__What is expected__: Hand back the entries exactly as written, minus every picture.

__Data to examine__:

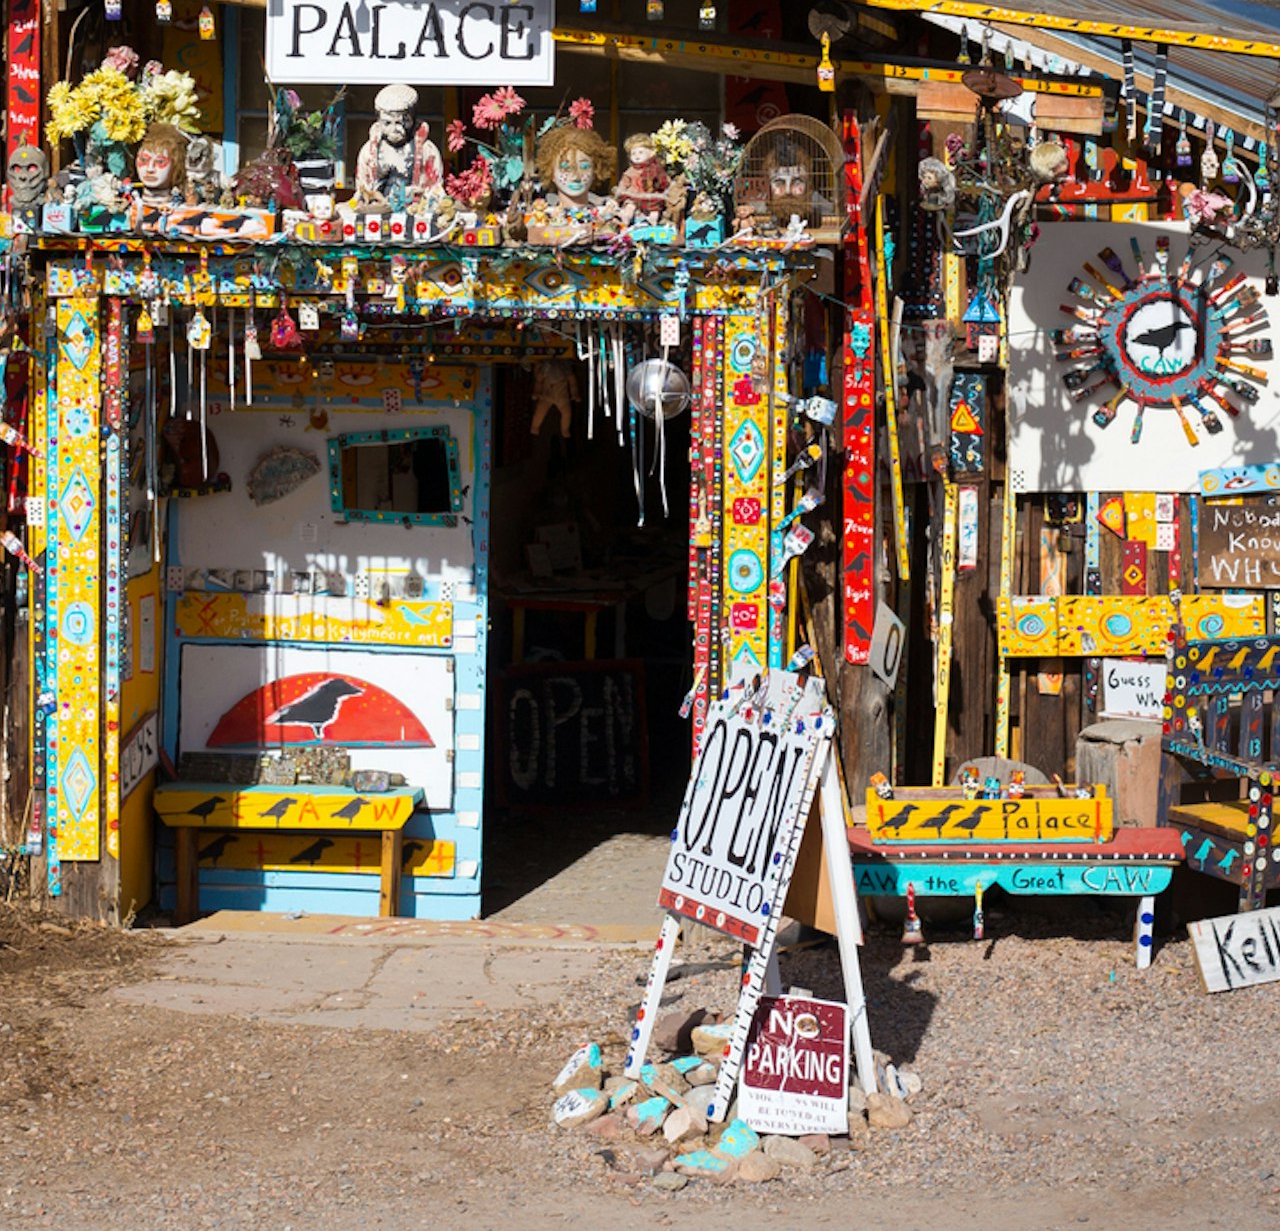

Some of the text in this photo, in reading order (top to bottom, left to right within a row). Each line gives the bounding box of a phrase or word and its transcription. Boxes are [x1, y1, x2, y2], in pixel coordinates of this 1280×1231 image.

[286, 1, 535, 61] PALACE
[1141, 355, 1183, 375] CAW
[1108, 668, 1151, 689] Guess
[509, 672, 636, 797] OPEN
[682, 719, 804, 882] OPEN
[1001, 801, 1091, 840] Palace
[668, 851, 764, 914] STUDIO
[925, 871, 959, 891] the
[1012, 867, 1066, 890] Great
[1081, 866, 1154, 892] CAW
[770, 1010, 821, 1039] NO
[748, 1042, 843, 1085] PARKING
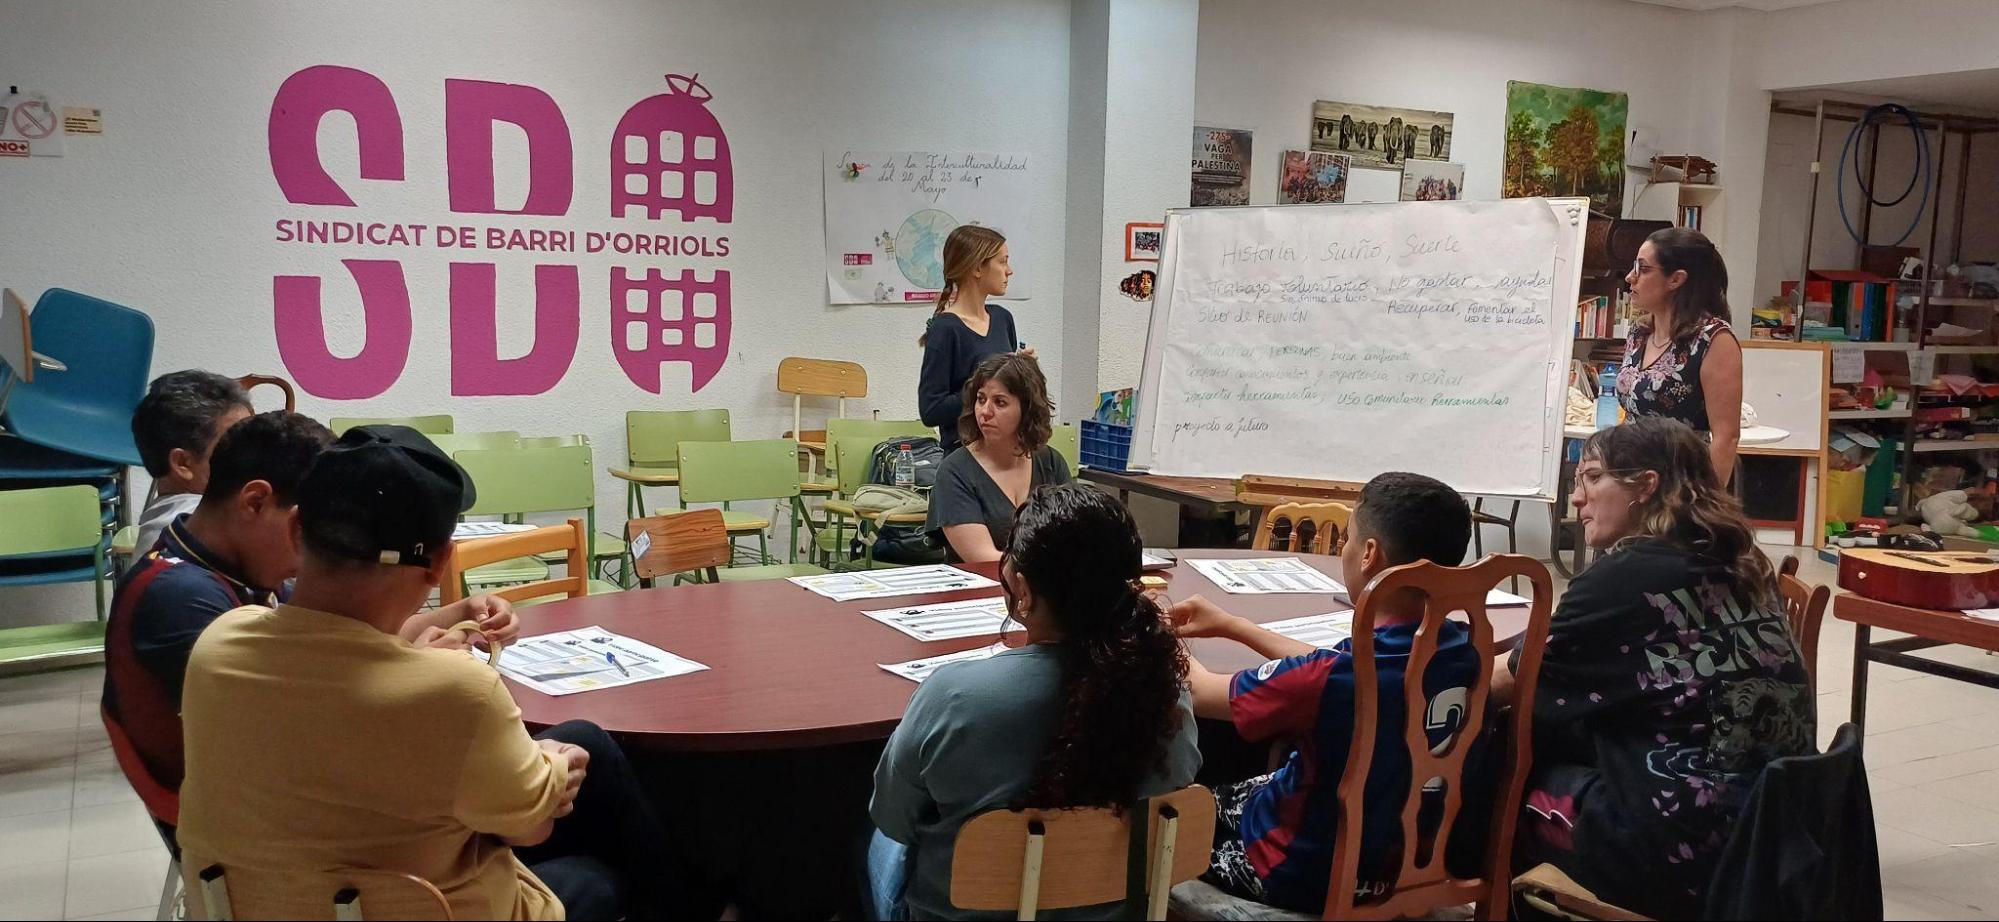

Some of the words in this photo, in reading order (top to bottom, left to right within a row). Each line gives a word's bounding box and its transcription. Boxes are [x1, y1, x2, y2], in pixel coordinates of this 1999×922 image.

__Solution to the exercise__:
Some of the text in this photo, in reading order (top to bottom, left to right within a row). Each line gives the bounding box of a phrase or word and its transcription. Boxes are [x1, y1, x2, y2], in pixel coordinates of this 1280×1231 image.

[286, 1, 535, 61] PALACE
[1141, 355, 1183, 375] CAW
[1108, 668, 1151, 689] Guess
[509, 672, 636, 797] OPEN
[682, 719, 804, 882] OPEN
[1001, 801, 1091, 840] Palace
[668, 851, 764, 914] STUDIO
[925, 871, 959, 891] the
[1012, 867, 1066, 890] Great
[1081, 866, 1154, 892] CAW
[770, 1010, 821, 1039] NO
[748, 1042, 843, 1085] PARKING

Some of the words in this photo, in reading order (top to bottom, left to right within a row). Each line gives a word's bounding box and its transcription. Boxes are [x1, y1, x2, y2], in pixel coordinates of this 1999×922 image.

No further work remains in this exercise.